— TO DO —
For each line in the data below, write an exact copy.

━━━━━━━━━━━━━━━━

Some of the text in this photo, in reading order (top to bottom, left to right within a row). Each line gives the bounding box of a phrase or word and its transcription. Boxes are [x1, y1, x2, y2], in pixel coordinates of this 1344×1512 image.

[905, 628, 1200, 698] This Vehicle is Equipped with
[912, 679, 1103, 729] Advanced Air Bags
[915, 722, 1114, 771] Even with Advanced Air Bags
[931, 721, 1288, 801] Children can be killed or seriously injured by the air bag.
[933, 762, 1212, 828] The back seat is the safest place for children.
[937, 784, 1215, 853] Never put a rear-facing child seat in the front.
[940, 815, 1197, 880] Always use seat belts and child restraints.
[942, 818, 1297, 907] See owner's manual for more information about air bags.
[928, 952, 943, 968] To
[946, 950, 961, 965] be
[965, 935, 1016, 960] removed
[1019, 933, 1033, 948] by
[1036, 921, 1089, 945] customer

━━━━━━━━━━━━━━━━

— SOLVED PROBLEM —
Some of the text in this photo, in reading order (top to bottom, left to right within a row). Each line gives the bounding box of a phrase or word and its transcription. Boxes are [x1, y1, x2, y2], in pixel coordinates of this 1344×1512 image.

[905, 628, 1200, 698] This Vehicle is Equipped with
[912, 679, 1103, 729] Advanced Air Bags
[915, 722, 1114, 771] Even with Advanced Air Bags
[931, 721, 1288, 801] Children can be killed or seriously injured by the air bag.
[933, 762, 1212, 828] The back seat is the safest place for children.
[937, 784, 1215, 853] Never put a rear-facing child seat in the front.
[940, 815, 1197, 880] Always use seat belts and child restraints.
[942, 818, 1297, 907] See owner's manual for more information about air bags.
[928, 952, 943, 968] To
[946, 950, 961, 965] be
[965, 935, 1016, 960] removed
[1019, 933, 1033, 948] by
[1036, 921, 1089, 945] customer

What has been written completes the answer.